The Finding Information object describes metadata related to a security finding generated by a security tool or system.
Attributes
Section titled “Attributes”uid
- Type:
string_t - Requirement: required
The unique identifier of the reported finding.
analytic
- Type:
analytic - Requirement: recommended
The analytic technique used to analyze and derive insights from the data or information that led to the finding or conclusion.
title
- Type:
string_t - Requirement: recommended
A title or a brief phrase summarizing the reported finding.
attacks
- Type:
attack - Requirement: optional
The MITRE ATT&CK® technique and associated tactics related to the finding.
created_time
- Type:
timestamp_t - Requirement: optional
The time when the finding was created.
created_time_dt
- Type:
datetime_t - Requirement: optional
The time when the finding was created.
data_sources
- Type:
string_t - Requirement: optional
A list of data sources utilized in generation of the finding.
desc
- Type:
string_t - Requirement: optional
The description of the reported finding.
first_seen_time
- Type:
timestamp_t - Requirement: optional
The time when the finding was first observed. e.g. The time when a vulnerability was first observed.
It can differ from the created_time timestamp, which reflects the time this finding was created.
first_seen_time_dt
- Type:
datetime_t - Requirement: optional
The time when the finding was first observed. e.g. The time when a vulnerability was first observed.
It can differ from the created_time timestamp, which reflects the time this finding was created.
kill_chain
- Type:
kill_chain_phase - Requirement: optional
The Cyber Kill Chain® provides a detailed description of each phase and its associated activities within the broader context of a cyber attack.
last_seen_time
- Type:
timestamp_t - Requirement: optional
The time when the finding was most recently observed. e.g. The time when a vulnerability was most recently observed.
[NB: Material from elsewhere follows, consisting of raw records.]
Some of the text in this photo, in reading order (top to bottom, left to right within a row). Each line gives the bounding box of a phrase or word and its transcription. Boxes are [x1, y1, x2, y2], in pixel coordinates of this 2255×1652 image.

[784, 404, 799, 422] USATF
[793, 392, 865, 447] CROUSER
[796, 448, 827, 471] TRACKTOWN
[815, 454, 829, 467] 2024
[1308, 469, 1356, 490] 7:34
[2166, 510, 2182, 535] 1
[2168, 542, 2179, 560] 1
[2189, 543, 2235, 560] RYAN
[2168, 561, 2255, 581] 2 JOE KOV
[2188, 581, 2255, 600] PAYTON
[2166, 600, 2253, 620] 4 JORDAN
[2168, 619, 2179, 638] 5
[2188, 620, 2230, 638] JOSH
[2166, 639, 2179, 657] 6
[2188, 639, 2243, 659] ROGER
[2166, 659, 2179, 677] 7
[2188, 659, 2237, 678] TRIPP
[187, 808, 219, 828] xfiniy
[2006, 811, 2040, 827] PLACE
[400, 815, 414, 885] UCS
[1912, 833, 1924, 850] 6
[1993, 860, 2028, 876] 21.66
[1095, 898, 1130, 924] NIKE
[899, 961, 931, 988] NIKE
It can differ from the modified_time timestamp, which reflects the time this finding was last modified.
last_seen_time_dt
- Type:
datetime_t - Requirement: optional
The time when the finding was most recently observed. e.g. The time when a vulnerability was most recently observed.
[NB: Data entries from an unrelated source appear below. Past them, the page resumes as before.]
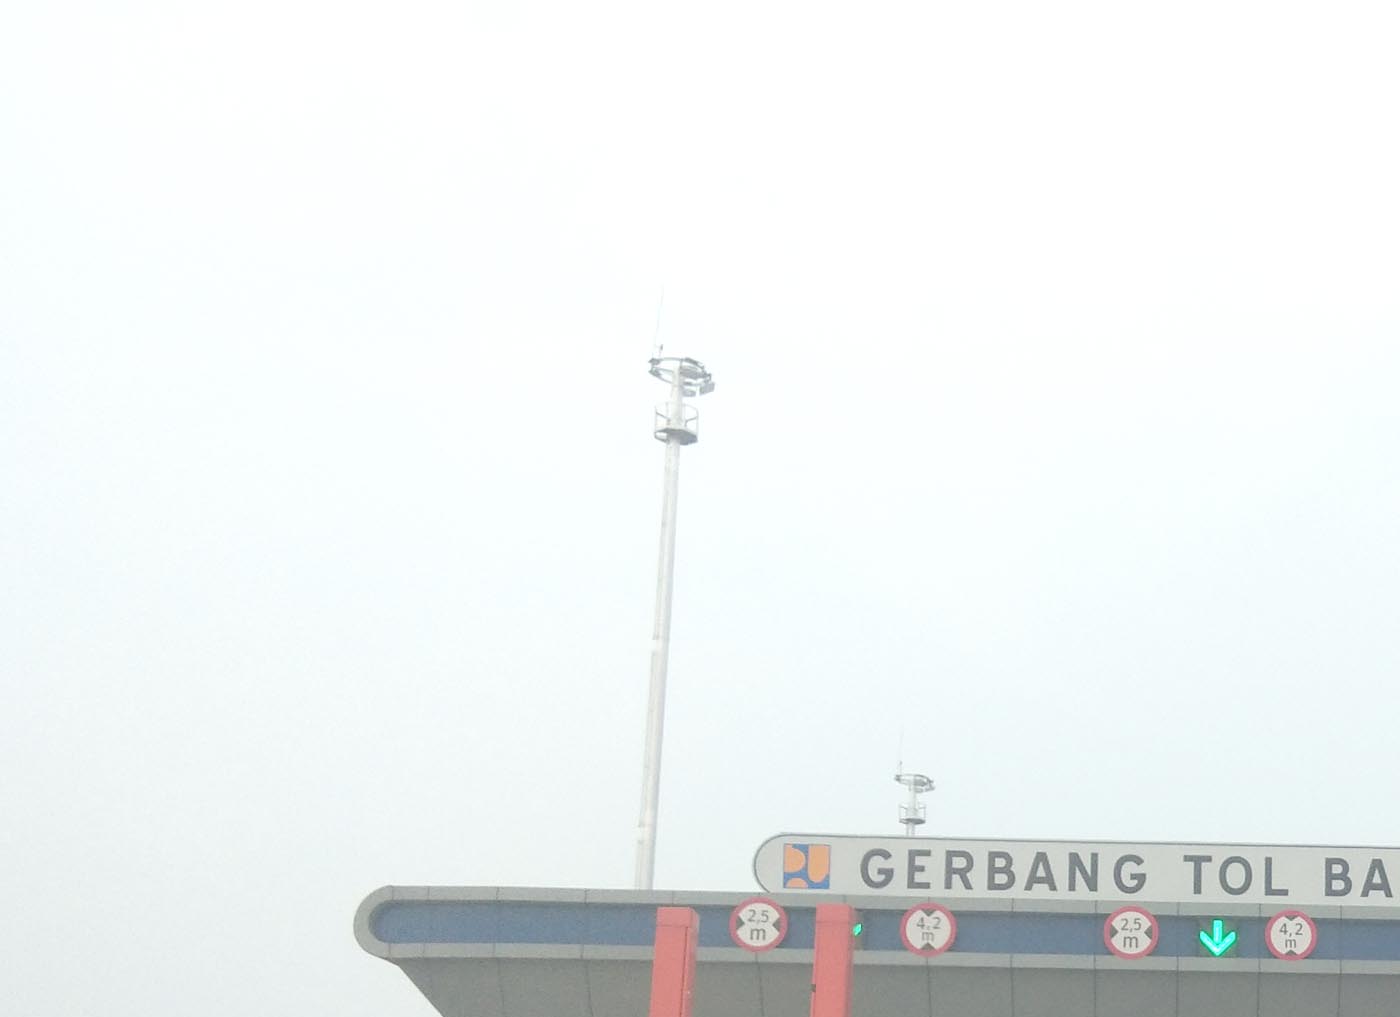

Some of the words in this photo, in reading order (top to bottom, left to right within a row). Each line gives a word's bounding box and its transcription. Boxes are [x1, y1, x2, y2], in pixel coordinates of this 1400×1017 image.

[859, 847, 1147, 893] GERBANG
[1184, 853, 1289, 897] TOL
[747, 909, 769, 925] 2,5
[1121, 918, 1142, 933] 2,5
[1279, 923, 1303, 938] 4,2
[750, 928, 766, 940] m
[922, 931, 935, 942] m
[1123, 936, 1139, 948] m
[1285, 939, 1297, 949] m
It can differ from the modified_time timestamp, which reflects the time this finding was last modified.
modified_time
- Type:
timestamp_t - Requirement: optional
The time when the finding was last modified.
modified_time_dt
- Type:
datetime_t - Requirement: optional
The time when the finding was last modified.
product
- Type:
product - Requirement: optional
Details about the product that reported the finding.
product_uid
- Type:
string_t - Requirement: optional
The unique identifier of the product that reported the finding.
related_analytics
- Type:
analytic - Requirement: optional
Other analytics related to this finding.
related_events
- Type:
related_event - Requirement: optional
Describes events and/or other findings related to the finding as identified by the security product. Note that these events may or may not be in OCSF.
related_events_count
- Type:
integer_t - Requirement: optional
Number of related events or findings.
src_url
- Type:
url_t - Requirement: optional
The URL pointing to the source of the finding.
tags
- Type:
key_value_object - Requirement: optional
The list of tags; {key:value} pairs associated with the finding.
traits
- Type:
trait - Requirement: optional
The list of key traits or characteristics extracted from the finding.
types
- Type:
string_t - Requirement: optional
One or more types of the reported finding.
uid_alt
- Type:
string_t - Requirement: optional
The alternative unique identifier of the reported finding.